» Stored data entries

□ □ □ □ □

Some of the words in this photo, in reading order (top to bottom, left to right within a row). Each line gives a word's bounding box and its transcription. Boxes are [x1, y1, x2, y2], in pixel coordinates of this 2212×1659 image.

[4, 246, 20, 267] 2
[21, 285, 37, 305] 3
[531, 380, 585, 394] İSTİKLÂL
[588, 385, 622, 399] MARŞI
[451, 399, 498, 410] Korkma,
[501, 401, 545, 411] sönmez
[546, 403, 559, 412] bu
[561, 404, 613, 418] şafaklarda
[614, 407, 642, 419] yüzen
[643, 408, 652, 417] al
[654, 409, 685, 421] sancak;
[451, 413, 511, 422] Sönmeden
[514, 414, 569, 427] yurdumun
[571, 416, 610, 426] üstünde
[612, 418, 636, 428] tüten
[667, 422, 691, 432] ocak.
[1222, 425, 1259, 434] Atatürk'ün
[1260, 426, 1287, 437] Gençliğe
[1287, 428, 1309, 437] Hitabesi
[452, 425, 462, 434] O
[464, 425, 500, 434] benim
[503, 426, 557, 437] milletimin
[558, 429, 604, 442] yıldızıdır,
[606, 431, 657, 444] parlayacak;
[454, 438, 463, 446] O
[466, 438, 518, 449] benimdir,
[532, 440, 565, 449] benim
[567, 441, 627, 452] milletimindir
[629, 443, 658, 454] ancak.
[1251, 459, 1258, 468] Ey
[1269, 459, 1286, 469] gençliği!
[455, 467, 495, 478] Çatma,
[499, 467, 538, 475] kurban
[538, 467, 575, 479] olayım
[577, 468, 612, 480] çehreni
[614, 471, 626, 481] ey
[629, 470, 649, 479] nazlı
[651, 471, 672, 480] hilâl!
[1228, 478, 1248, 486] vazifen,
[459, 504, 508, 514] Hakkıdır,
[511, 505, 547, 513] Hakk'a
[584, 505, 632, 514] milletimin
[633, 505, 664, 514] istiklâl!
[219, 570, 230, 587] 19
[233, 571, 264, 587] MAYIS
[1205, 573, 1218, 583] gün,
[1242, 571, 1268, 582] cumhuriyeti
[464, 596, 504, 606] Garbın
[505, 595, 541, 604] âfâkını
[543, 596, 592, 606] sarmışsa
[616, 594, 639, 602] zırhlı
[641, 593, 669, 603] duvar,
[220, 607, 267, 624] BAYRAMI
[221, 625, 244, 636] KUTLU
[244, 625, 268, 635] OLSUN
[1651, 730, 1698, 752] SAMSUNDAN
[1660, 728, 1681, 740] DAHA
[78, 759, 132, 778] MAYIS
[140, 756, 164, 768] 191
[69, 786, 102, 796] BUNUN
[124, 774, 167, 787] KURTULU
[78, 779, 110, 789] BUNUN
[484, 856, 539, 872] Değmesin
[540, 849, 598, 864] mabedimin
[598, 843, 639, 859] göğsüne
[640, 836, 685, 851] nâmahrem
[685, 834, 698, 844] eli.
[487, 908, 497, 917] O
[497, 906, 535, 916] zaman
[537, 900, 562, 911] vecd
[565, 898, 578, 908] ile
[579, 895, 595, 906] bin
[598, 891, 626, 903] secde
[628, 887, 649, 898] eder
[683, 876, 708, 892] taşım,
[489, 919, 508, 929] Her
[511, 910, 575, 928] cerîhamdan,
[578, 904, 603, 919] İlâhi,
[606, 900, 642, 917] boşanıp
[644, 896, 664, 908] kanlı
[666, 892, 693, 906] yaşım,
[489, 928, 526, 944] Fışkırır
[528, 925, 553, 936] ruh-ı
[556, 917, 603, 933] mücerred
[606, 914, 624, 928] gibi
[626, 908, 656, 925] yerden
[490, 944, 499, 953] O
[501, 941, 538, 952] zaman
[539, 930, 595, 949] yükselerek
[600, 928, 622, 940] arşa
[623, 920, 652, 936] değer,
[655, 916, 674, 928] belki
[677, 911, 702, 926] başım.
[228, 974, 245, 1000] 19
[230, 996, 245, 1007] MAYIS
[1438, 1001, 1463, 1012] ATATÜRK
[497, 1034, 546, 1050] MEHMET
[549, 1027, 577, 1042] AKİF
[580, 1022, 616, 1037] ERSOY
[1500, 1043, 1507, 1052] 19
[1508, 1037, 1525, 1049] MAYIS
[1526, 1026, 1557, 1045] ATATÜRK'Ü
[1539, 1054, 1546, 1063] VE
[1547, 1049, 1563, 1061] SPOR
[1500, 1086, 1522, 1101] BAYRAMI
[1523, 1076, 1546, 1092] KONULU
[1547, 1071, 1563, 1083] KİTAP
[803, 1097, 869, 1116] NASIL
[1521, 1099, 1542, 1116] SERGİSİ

□ □ □ □ □

» AIM OF THE EXERCISE
Return all lines from the entries that contain the string "BUNUN".

» EXPECTED ANSWER
[69, 786, 102, 796] BUNUN
[78, 779, 110, 789] BUNUN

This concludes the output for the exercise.